Let us assume that \(p_0(x,y)\) or \(u_0(x,y)\sim 0\) for \(x^2 +y^2 \geq a^2\), where \(a\) is the characteristic source radius, and that \(a^2 \ll d^2\). This is to say that the so-called \(f\)-number: \(N = d/2a \sim 1/2\alpha\) so \(N^2 \gg 1\).
The phase in Eq. \eqref{pressure at 0} can be approximated by \begin{align*} -ik\sqrt{x^2 + y^2 + d^2} &= -ikd \bigg(1 + \frac{x^2 + y^2}{d^2}\bigg)^{1/2}\\ &= -ikd + ik \frac{x^2 + y^2}{2d} + \Order(ka^2/d^3)\,. \end{align*} Meanwhile, the amplitude is approximated as \begin{align*} \frac{A}{\sqrt{x^2 + y^2 + d^2}} \simeq \frac{A}{d}\,, \end{align*} which has units of pressure (pressure \(\times\) distance \(\div\) distance \(=\) pressure). So the source condition, Eq. \eqref{pressure at 0}, becomes \begin{align*} p_\omega (x,y,0) &= A \frac{e^{-ikd}}{d} e^{-ik(x^2 + y^2)/2d}\,. \end{align*} Thus if \begin{align*} u_0(x,y)\,, \,\, p_0(x,y) = \text{ unfocused source distribution,} \end{align*} focusing is achieved by multiplying by \(e^{-ik(x^2+y^2)/2d}\), or in axisymmetric form, \(e^{-ik(x^2+y^2)/2d}\). The factor \(A {e^{-ikd}}/{d}\) can be neglected because phase is a relative quantity, and because \(A/d\) is simply a pressure amplitude that can be included in the pressure source amplitude \(p_0\) or the velocity source amplitude \(u_0 = p_0/\rho_0c_0\). Reintroducing the time dependence renders focusing as time-advancing: \begin{align*} e^{-i\omega t} e^{-ik\rho^2/2d} = e^{-i\omega (t + \rho/2c_0d)}\,. \end{align*} That is to say, focusing is achieved in the time domain by the transformation \begin{align*} t \mapsto t + \frac{\rho^2}{2c_0 d}\,, \end{align*} i.e., the further from the origin, the earlier the waveform must be launched.
In the focal plane \(z = d\), consider a focused velocity source \begin{align*} u(x,y,0,t) &= u_0(x,y) e^{-ik(x^2+y^2)/2d}e^{-i\omega t}\,. \end{align*} The Rayleigh integral evaluated at the focal plane is \begin{align}\label{Rayleigh}\tag{R} p_{\omega}(x,y,d) &= - \frac{ik\rho_0c_0}{2\pi} \iint_{-\infty}^\infty u_0(x_0,y_0) e^{-ik({x_0^2 + y_0^2})/2d} \frac{e^{ikR}}{R} \, dx_0 \, dy_0\,, \end{align} where \begin{align*} ikR &= ik\sqrt{(x-x_0)^2 + (y-y_0)^2 + d^2}\\ &= ikd\bigg(1 + \frac{x^2 + y^2}{d^2} - 2\frac{xx_0 + yy_0}{d^2} + \frac{x_0^2 + y_0^2}{d^2}\bigg)^{1/2}\\ &= ikd + ik \frac{x^2+ y^2}{2d} - ik \frac{xx_0 + yy_0}{d} + ik\frac{x_0^2 +y_0^2}{2d} + \Order(ka^2/d^3)\,. \end{align*} In the amplitude, let \(1/R \simeq 1/d\).

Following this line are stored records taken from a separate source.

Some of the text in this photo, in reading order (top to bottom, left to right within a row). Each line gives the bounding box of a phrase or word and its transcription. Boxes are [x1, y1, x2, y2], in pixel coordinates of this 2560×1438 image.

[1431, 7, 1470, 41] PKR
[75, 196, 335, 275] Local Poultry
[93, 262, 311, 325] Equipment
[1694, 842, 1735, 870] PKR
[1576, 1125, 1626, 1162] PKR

Equation \eqref{Rayleigh} becomes \begin{align}\label{fullint}\tag{2} p_\omega(x,y,d) &= -\frac{ik\rho_0c_0}{2\pi d} e^{ikd + ik(x^2+y^2)/2d} \iint_{-\infty}^\infty u_0(x_0,y_0) e^{-ikxx_0/d - ikyy_0/d}\, dx_0 dy_0\,, \end{align} the magnitude of which is \begin{align}\label{focalpress}\tag{3} \boxed{|p_\omega (x,y,d)| = \frac{k\rho_0c_0}{2\pi d} \big|U_0(kx/d, ky/d) \big|\,,} \end{align} or in axisymmetric form, since \(U_0(\kappa) = 2\pi U_{0H}(\kappa)\), \begin{align}\label{focalpress'}\tag{3'} \boxed{|p_\omega (\rho,d)| = \frac{k\rho_0c_0}{d} \big|U_{0H}(k\rho/d) \big|\,,} \end{align} That is to say, the field in the focal plane is but a spatial mapping of the far field into the focal plane: both are given in terms of the 2D spatial Fourier transform of the source condition.

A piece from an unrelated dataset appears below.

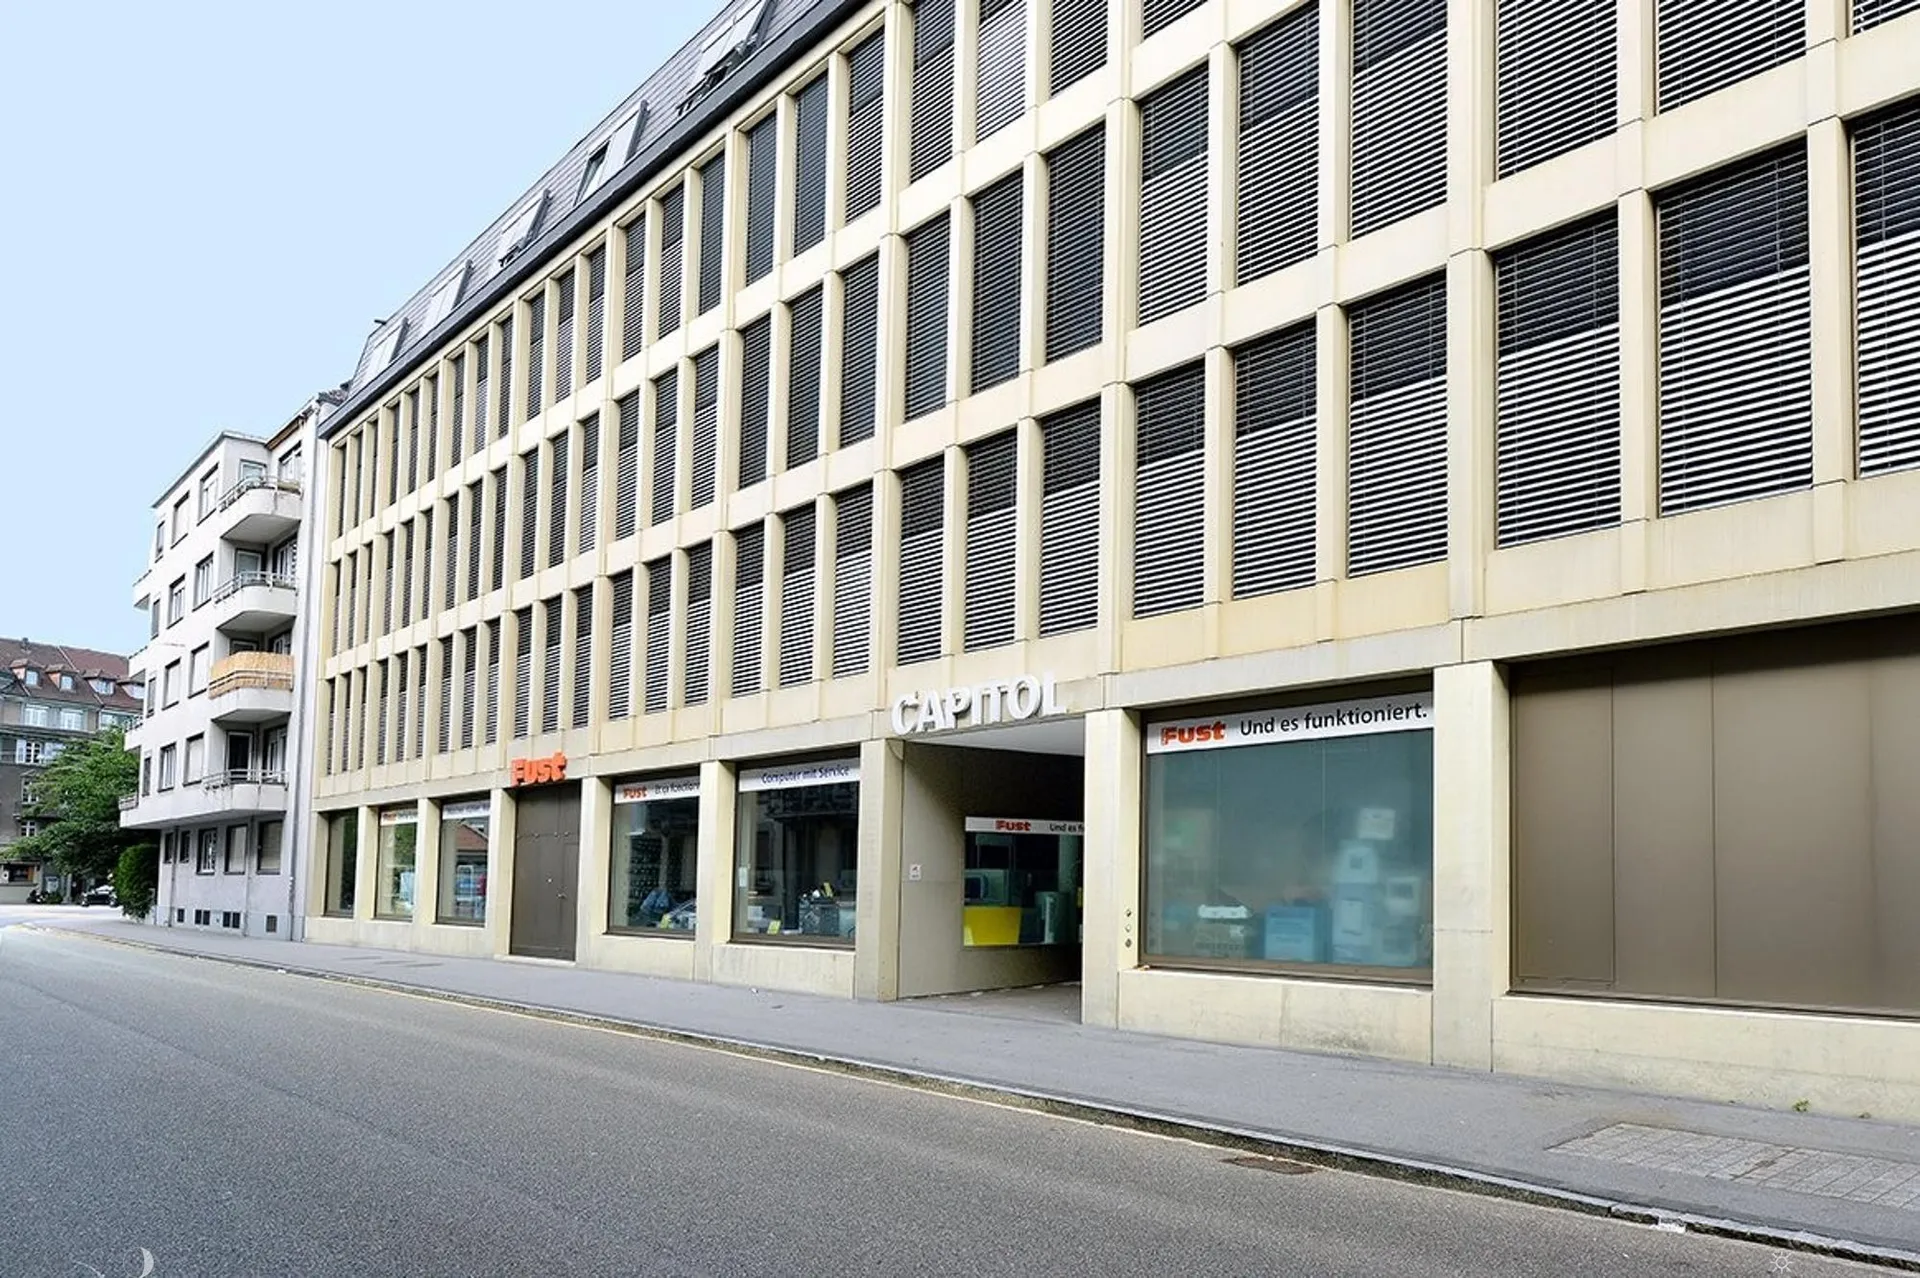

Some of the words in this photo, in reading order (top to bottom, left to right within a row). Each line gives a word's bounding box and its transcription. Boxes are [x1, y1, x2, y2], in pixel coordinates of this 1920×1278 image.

Further insight can be gained from assessing the field at the focal point \((x,y,z) = (0,0,d)\), Eq. \eqref{focalpress} becomes \begin{align*} {|p_\omega (0,0,d)| = \frac{k\rho_0c_0}{2\pi d} Q} \end{align*} Let \(Q = \bar{u}_0 S\), where \(S\) is the surface area of the source, and where the mean source particle velocity is \begin{align*} \bar{u}_0 = \frac{Q}{S} = \frac{U_0(0,0)}{S} = \frac{1}{S}\int_{S} u_0(x,y) dS\,. \end{align*} Then, since \(|p_\omega (0,0,d)| = \frac{k\rho_0c_0}{2\pi d} Q\), the ratio of the pressure at the focal point to that in a plane wave with mean source particle velocity is \begin{align*} \frac{|p_\omega(0,0,d)|}{\rho_0c_0\bar{u}_0} = \frac{kS}{2\pi d} = \frac{S}{\lambda d}\,. \end{align*} Define \begin{align} \boxed{G = \frac{S}{\lambda d} = \text{ focusing gain}\,,} \end{align} which for a uniform circular piston of surface area \(S = \pi a^2\) reduces to \begin{align*} G = \frac{ka^2}{2d} = \frac{z_0}{d}\,. \end{align*} Note: the geometric focus at \((x,y,z) = (0,0,d)\) is typically further beyond the location of the maximum axial amplitude.
The so-called ''spot size'' for a source of characteristic size \(a\) corresponds to the \(k\)-space ''radius.'' From Eqs. \eqref{fullint} or \eqref{focalpress'}, in the focal plane, this corresponds to \begin{align*} \frac{k \rho}{d} \sim \frac{1}{a} \end{align*} or \begin{align*} \rho \sim \frac{d}{ka} = a \frac{d}{ka^2} \sim \frac{a}{G}\,. \end{align*} Thus beam radius is reduced by \(\sim 1/G\) in the focal plane.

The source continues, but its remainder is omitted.